The Carboniferous Era is associated with rich coal deposits in its fossil rock layers. According to the Museum of Paleontology at the University of California, Berkeley, the amniote egg (with a shell) was one of the greatest evolutionary advances of its time, which allowed the ancestors of birds, mammals and reptiles to reproduce on land. The oceans were often warm and shallow, and they were dominated by sharks and bony fish after the Late Devonian extinction, as well as starfish, gastropods, sea urchins, and many other marine invertebrates.

“Here we document new features, including possible phosphated muscle tissue and a hitherto unrecognized feeding apparatus with two sets of approximately 20 spiny teeth whose closest similarities appear to be with the radula of the molluscs,” the authors wrote in the article. “Typhloesus may represent an independent radiation from Middle Paleozoic pelagic gastropods.”

The key finding in this new specimen is a “radula-like organ” in the creature’s foregut, with two rows of spiny teeth. Radulas are structures that molluscs like snails use to grind their food.

“The identification of the dentate feeding apparatus sheds additional light on the functional anatomy of Typhloesus, and potentially on its broader relationships,” the authors said. “The location of the teeth in the posterior part of the foregut, as well as their direction of curvature, suggests that to function effectively, most of the foregut should have turned over in order to put the teeth in a position to grasp. prey.”

Essentially, rather than swallowing prey and using the tooth-like tongue apparatus inside the gut, this creature flipped the tongue outside of its body to eat its prey.

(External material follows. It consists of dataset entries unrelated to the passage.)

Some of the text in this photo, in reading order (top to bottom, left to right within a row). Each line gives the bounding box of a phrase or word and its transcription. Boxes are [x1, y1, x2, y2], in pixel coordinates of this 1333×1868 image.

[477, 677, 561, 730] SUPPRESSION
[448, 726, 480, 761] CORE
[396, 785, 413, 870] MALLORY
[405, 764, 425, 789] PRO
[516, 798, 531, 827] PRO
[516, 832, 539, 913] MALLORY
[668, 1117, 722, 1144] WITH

“Foregut eversion would most likely have been achieved by a hydrostatic mechanism in which the foregut was enclosed in a fluid-filled body cavity,” the authors said.

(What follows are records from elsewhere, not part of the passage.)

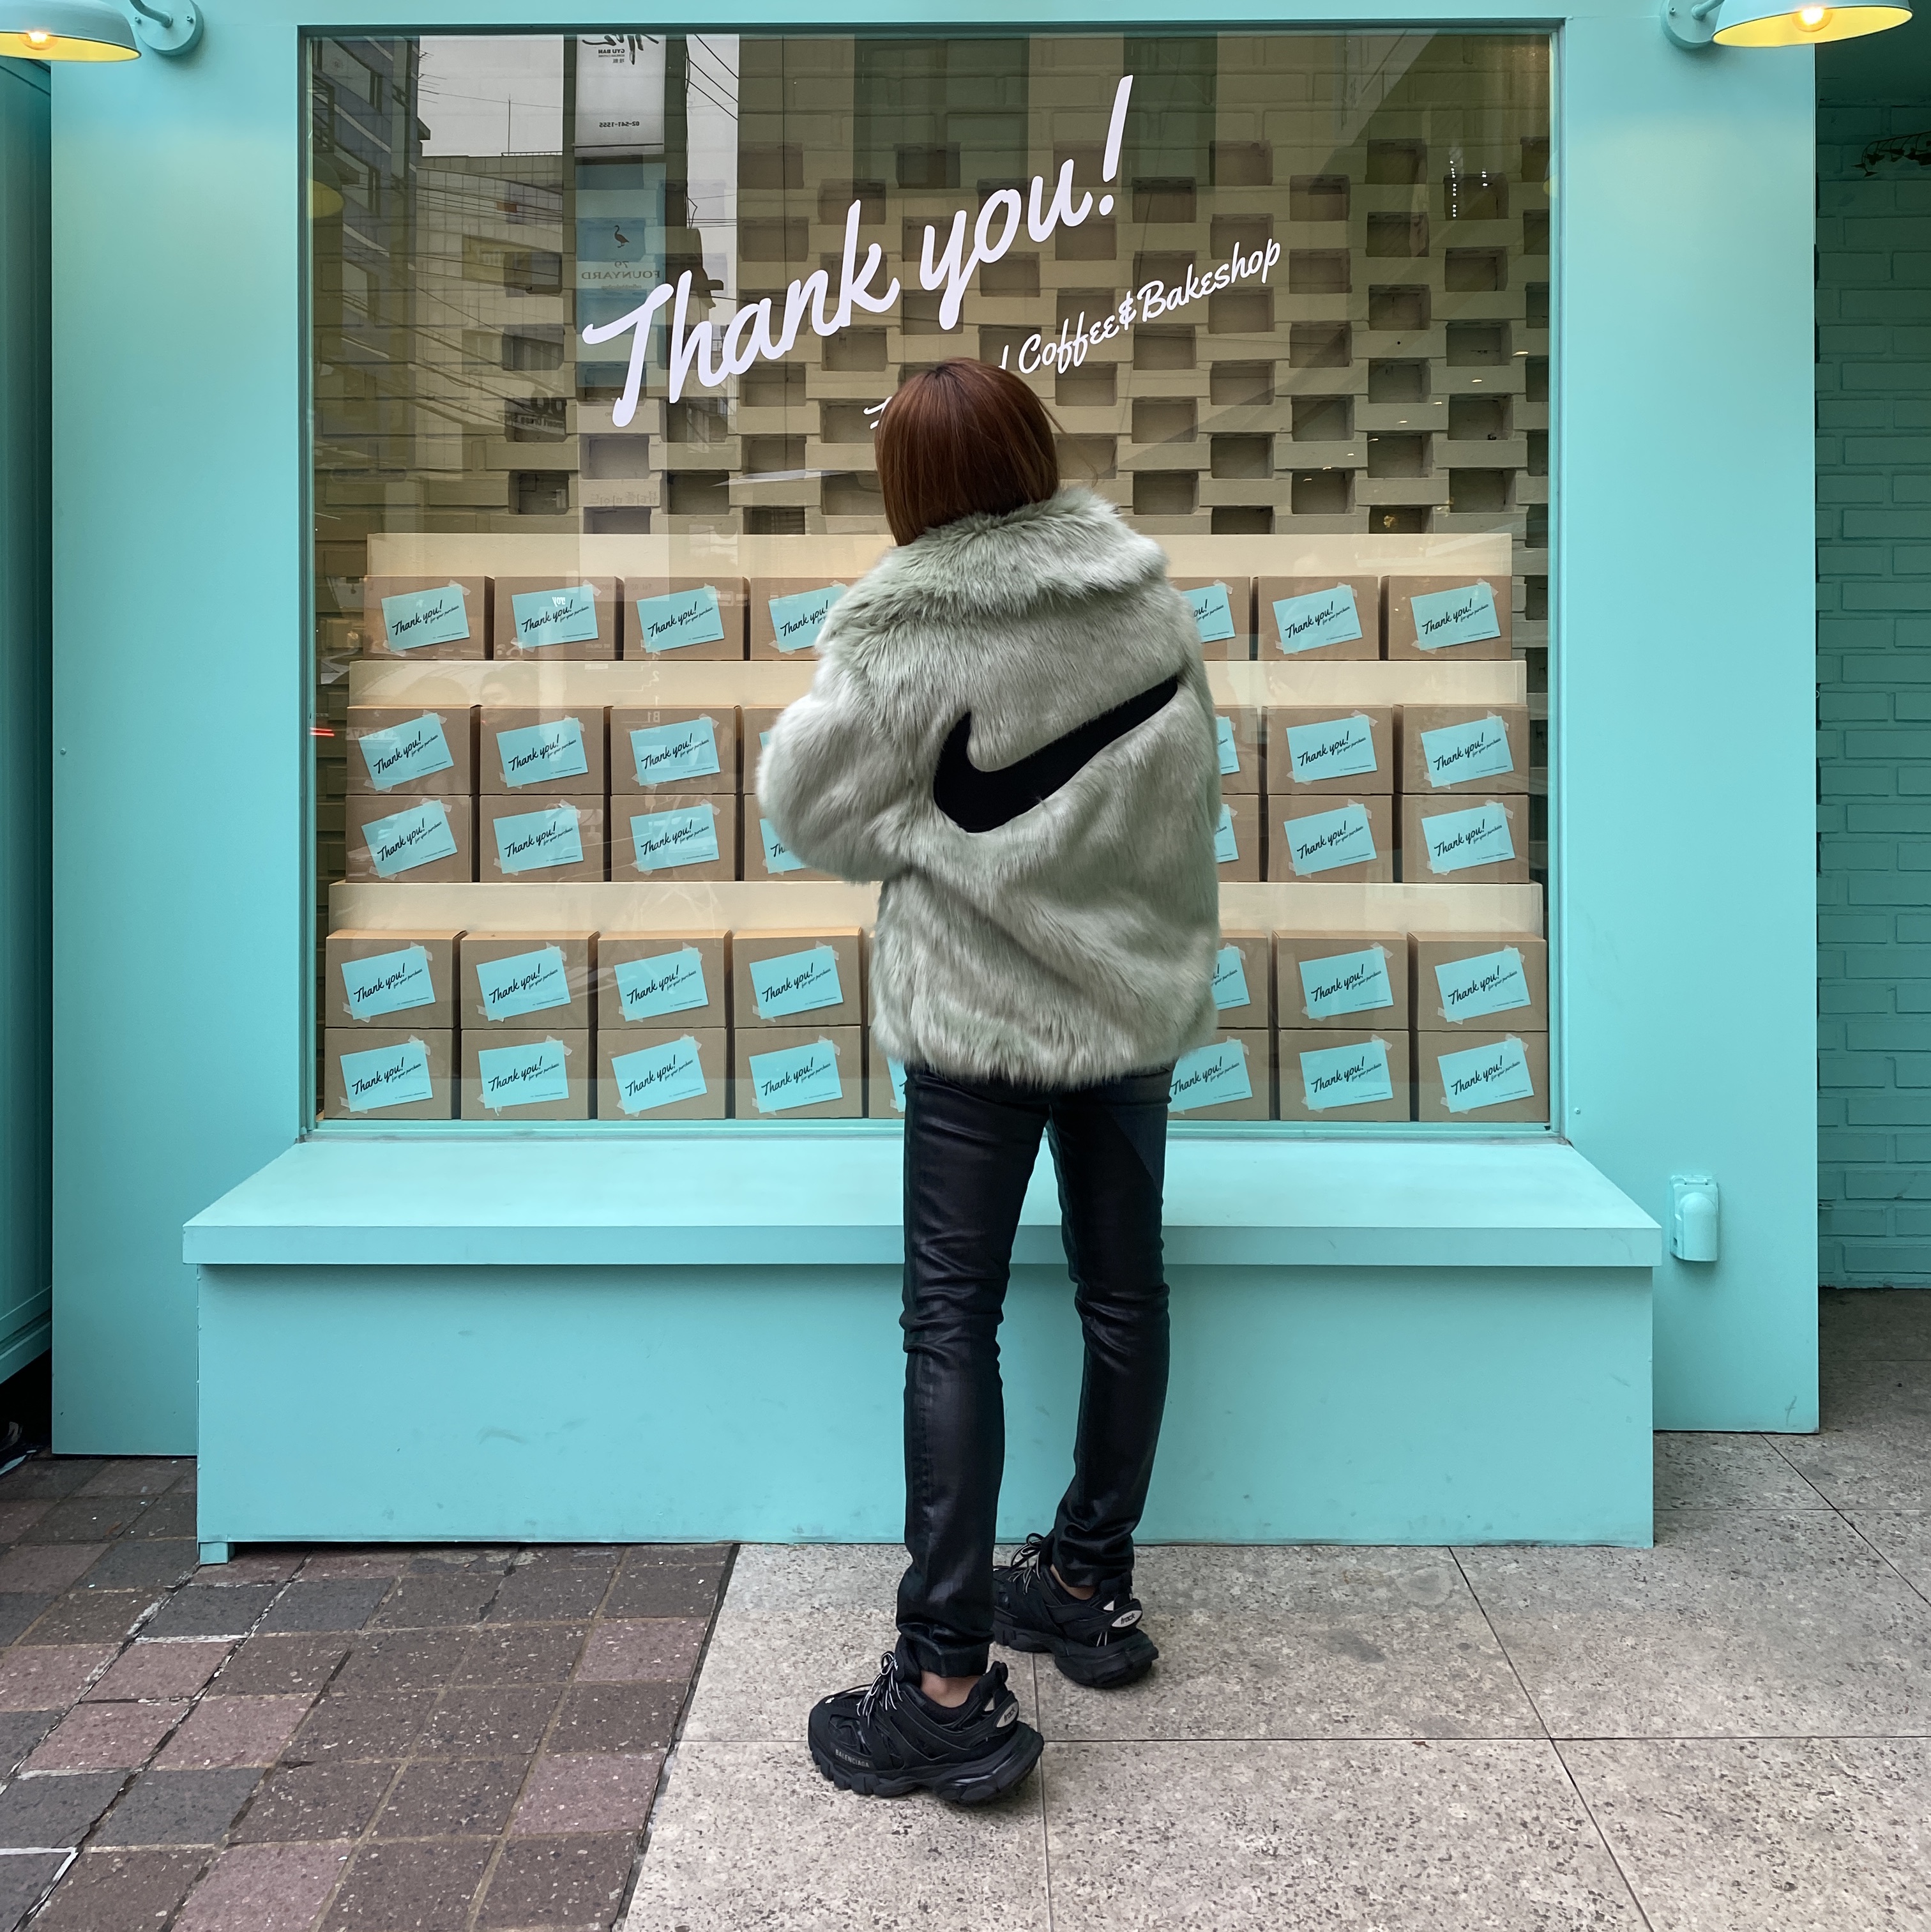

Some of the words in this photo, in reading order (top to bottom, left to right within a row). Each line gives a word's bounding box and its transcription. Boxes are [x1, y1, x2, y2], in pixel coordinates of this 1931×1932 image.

[582, 199, 900, 427] Thank
[920, 75, 1133, 330] you!
[391, 612, 422, 635] Thank
[423, 599, 443, 625] you!
[521, 611, 552, 633] Thank
[552, 599, 573, 623] you!
[647, 614, 677, 637] Thank
[678, 601, 697, 626] you!
[780, 613, 809, 637] Thank
[810, 599, 828, 625] you!
[1193, 598, 1208, 618] ou!
[1284, 614, 1314, 639] Thank
[1315, 600, 1333, 627] you!
[1421, 611, 1452, 635] Thank
[1453, 598, 1472, 623] you!
[373, 747, 403, 774] Thank
[403, 731, 421, 758] you!
[508, 747, 539, 771] Thank
[540, 733, 559, 759] you!
[641, 746, 672, 770] Thank
[672, 733, 692, 758] you!
[1297, 743, 1328, 766] Thank
[1329, 731, 1349, 756] you!
[1433, 747, 1464, 771] Thank
[1464, 732, 1484, 758] you!
[377, 835, 406, 862] Thank
[406, 818, 425, 846] you!
[504, 834, 535, 858] Thank
[536, 821, 556, 847] you!
[640, 832, 671, 855] Thank
[672, 819, 692, 844] you!
[1296, 834, 1327, 859] Thank
[1327, 820, 1346, 847] you!
[1434, 832, 1465, 856] Thank
[1465, 819, 1485, 845] you!
[353, 977, 384, 1003] Thank
[385, 962, 405, 990] you!
[488, 978, 520, 1004] Thank
[520, 963, 540, 991] you!
[626, 979, 658, 1005] Thank
[658, 964, 679, 992] you!
[762, 977, 793, 1003] Thank
[794, 962, 814, 990] you!
[1311, 977, 1343, 1002] Thank
[1344, 964, 1364, 991] you!
[1448, 980, 1479, 1005] Thank
[1480, 965, 1499, 992] you!
[351, 1070, 383, 1095] Thank
[384, 1056, 404, 1083] you!
[488, 1068, 520, 1092] Thank
[520, 1056, 542, 1081] you!
[625, 1070, 656, 1097] Thank
[656, 1054, 676, 1083] you!
[761, 1071, 792, 1096] Thank
[793, 1057, 814, 1084] you!
[1170, 1070, 1202, 1095] Thank
[1202, 1056, 1222, 1082] you!
[1311, 1069, 1343, 1093] Thank
[1344, 1056, 1365, 1083] you!
[1451, 1070, 1482, 1095] Thank
[1483, 1054, 1503, 1083] you!
[835, 1749, 870, 1768] BALENCIAGA

This mechanism can be seen in other animals, ancient and modern, and some notable examples are starfish and sea cucumbers. The mechanism usually requires muscle contraction to evert the gut, which is also supported by the findings of a “paired structure close to the foregut-midgut boundary” in the Typhloesus specimen. However, according to the authors, the structure could have had another function.

“We are aware that the jaws are extremely convergent [traits that evolved to look similar despite having distant genetic ties, like wings in bats and bees] and radial-like structures occur elsewhere,” the authors wrote.

“We conclude that a place for Typhloesus among gastropods is plausible, but acknowledge that similarities to molluscs, not to mention heteropods [sea slugs and sea elephants]may be the result of convergence,” the authors said.

More soft-bodied samples from this time are needed to draw a firmer conclusion about Typhloesus’ place in the evolutionary tree. But due to the immense time that has passed since they lived, few well-preserved specimens are available, let alone finds.

“More specific statements from his [evolutionary] relationships are hampered by the unique aspects of its morphology and the scarcity of equivalent soft-bodied fossils in Paleozoic deposits,” the authors wrote in their paper.